I'm also a bit confused about the status of the translation. I understand that the English text of the Book of Mormon is supposed to be a translation that Joseph Smith made of the original, which was written in a mysterious language. And that he required divine aid to make this translation (I take it that he was miraculously given the ability to translate from this language, rather as the Virgin Mary was miraculously given the ability to conceive a child). But am I right in thinking that the translation he produced was not simply the way he happened to translate it, using this divine gift? What I mean is: whatever special status the original text had, isn't it the case that Smith's translation has that special status too? There isn't the chance that he mistranslated anything; his miraculous ability to translate did not simply enable him to translate, but guaranteed that his translation was faithful. In which case, presumably the style in which he translated was or is significant, and it's not simply that Smith happened to translate in an AV sort of style but he could just as easily have used contemporary English.

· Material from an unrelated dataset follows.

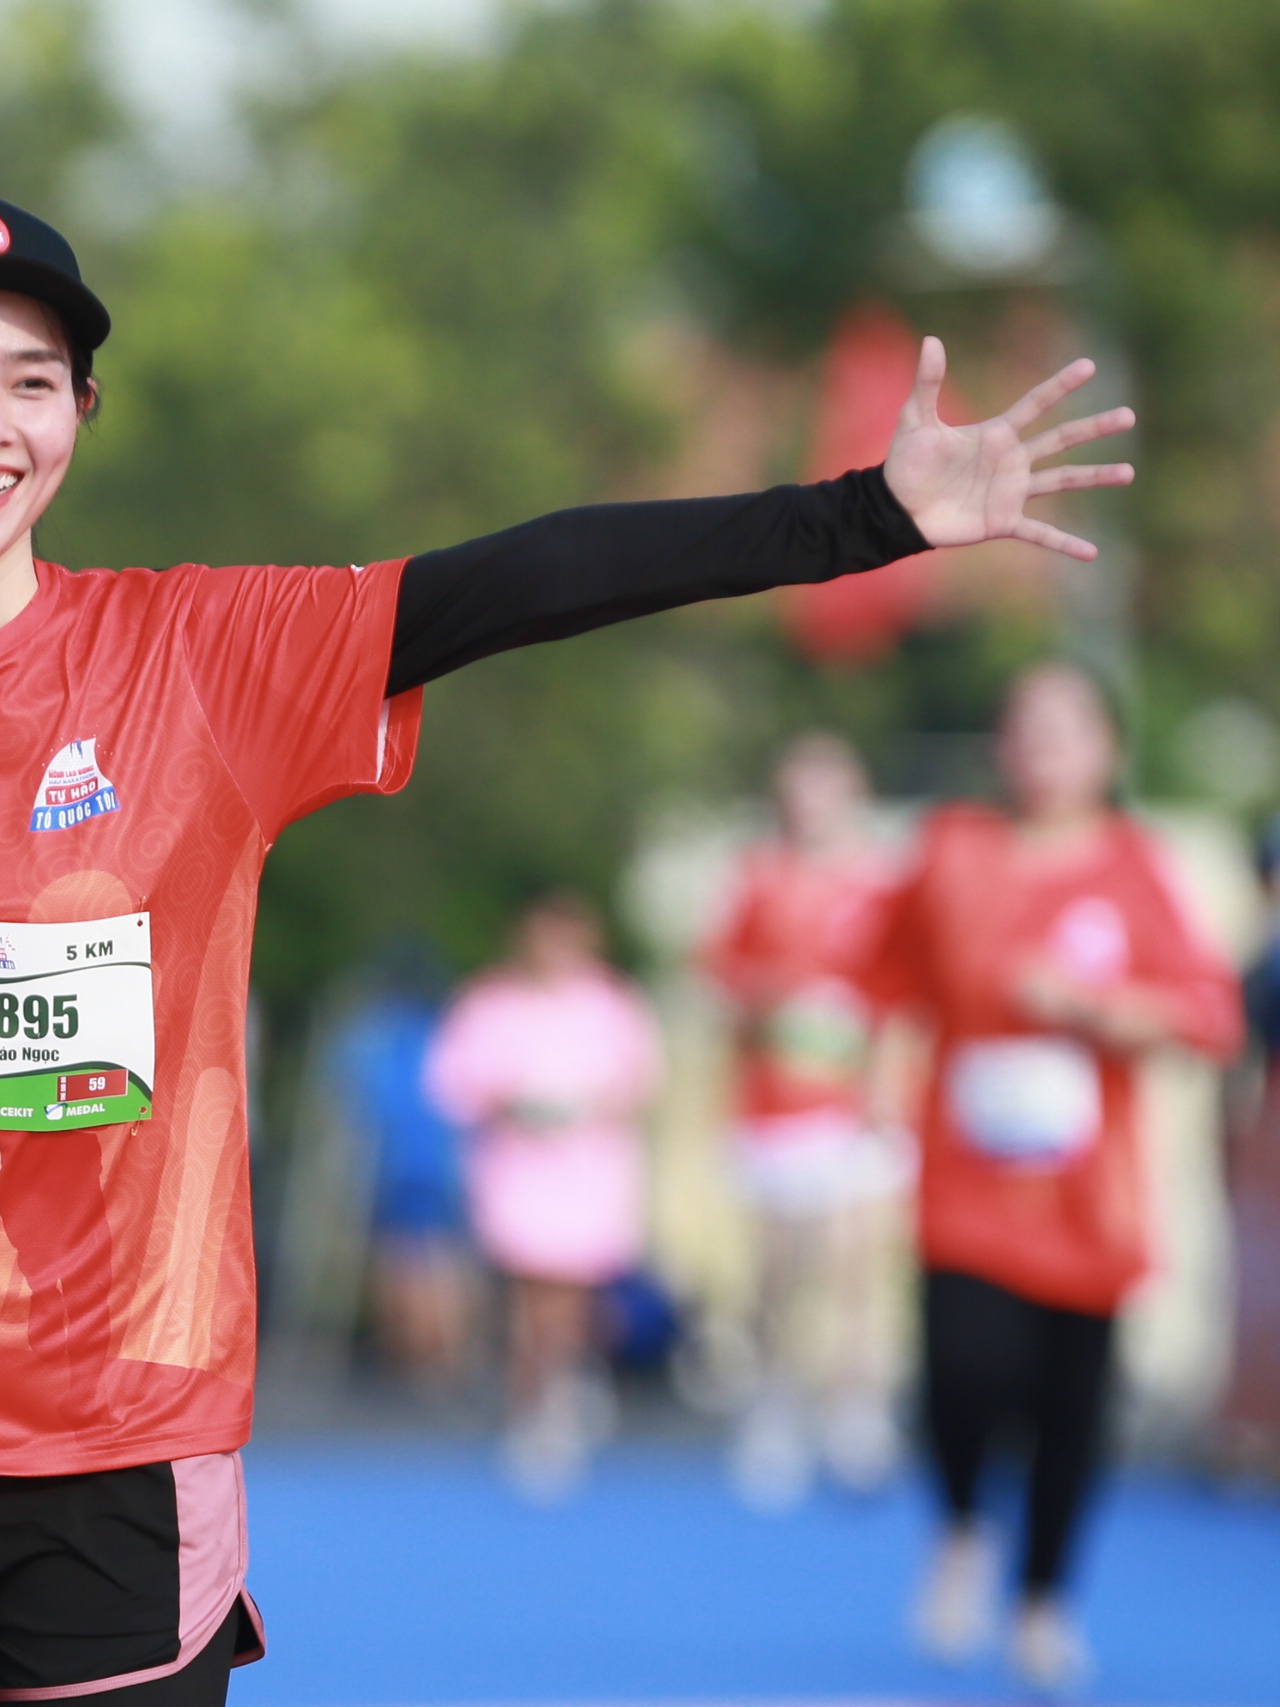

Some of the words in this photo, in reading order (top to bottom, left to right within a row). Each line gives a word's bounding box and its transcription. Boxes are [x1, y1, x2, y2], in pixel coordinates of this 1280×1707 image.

My point is that if the choice of AV-style were Smith's alone, then that would make sense; I could understand why someone like him would instinctively translate a new revealed set of scriptures in that way. But if the choice of AV-style were divinely inspired, and Smith were merely the conduit by which the translation was given, then I find it much harder to make any sense of. Yes, this style of English is intelligible to us today and no doubt will remain so for another century or two, but it is not readily intelligible and comprehensible to most people, or at least, not as readily intelligible and comprehensible as contemporary English is. And speaking just for myself, I may understand seventeenth-century English perfectly well, but I am enormously put off the prospect of reading the Book of Mormon because of its style. I don't like reading the AV as it is, and that at least is an authentically early-seventeenth-century use of early-seventeenth-century English. To find a nineteenth-century book written in the same style just seems dreadfully pseudish, rather like Ossian, and with the same overtones of insincerity: it seems to be trying to make itself seem more epic, more important, and basically more scriptural by imitating the style of previous centuries. And that raises the obvious suspicion that its actual content does not live up to this promise, because if it did, there would be no need for the fancy language. That may be an entirely unfair and unfounded suspicion, but until such time as there's a version of the Book of Mormon in NRSV-style, I probably won't find out!

(I don't mean to sound rude there, but that really is my reaction to it.)

As far as the Bible - we can't really be inerrantist or literalist as that contradicts the view of the Bible that our other scriptures have, but we can't take it to the other extreme and say it isn't inspired in any meaningful way, either. We generally say the Bible is true "as far as it is translated correctly" but don't always have anything specific to point to; so individual members can have a pretty broad range of opinions on the matter, just not at the extremes; since we don't claim authority, or derive much doctrine, from the Bible alone, it kind of doesn't matter.

Thanks, but I might have been unclear - I did mean the Book of Mormon rather than the Bible. Is the range of attitudes you mention here applied to the Book of Mormon as well, within Mormonism? Or is only a much narrower range of attitudes to that book possible if one is to remain a Mormon?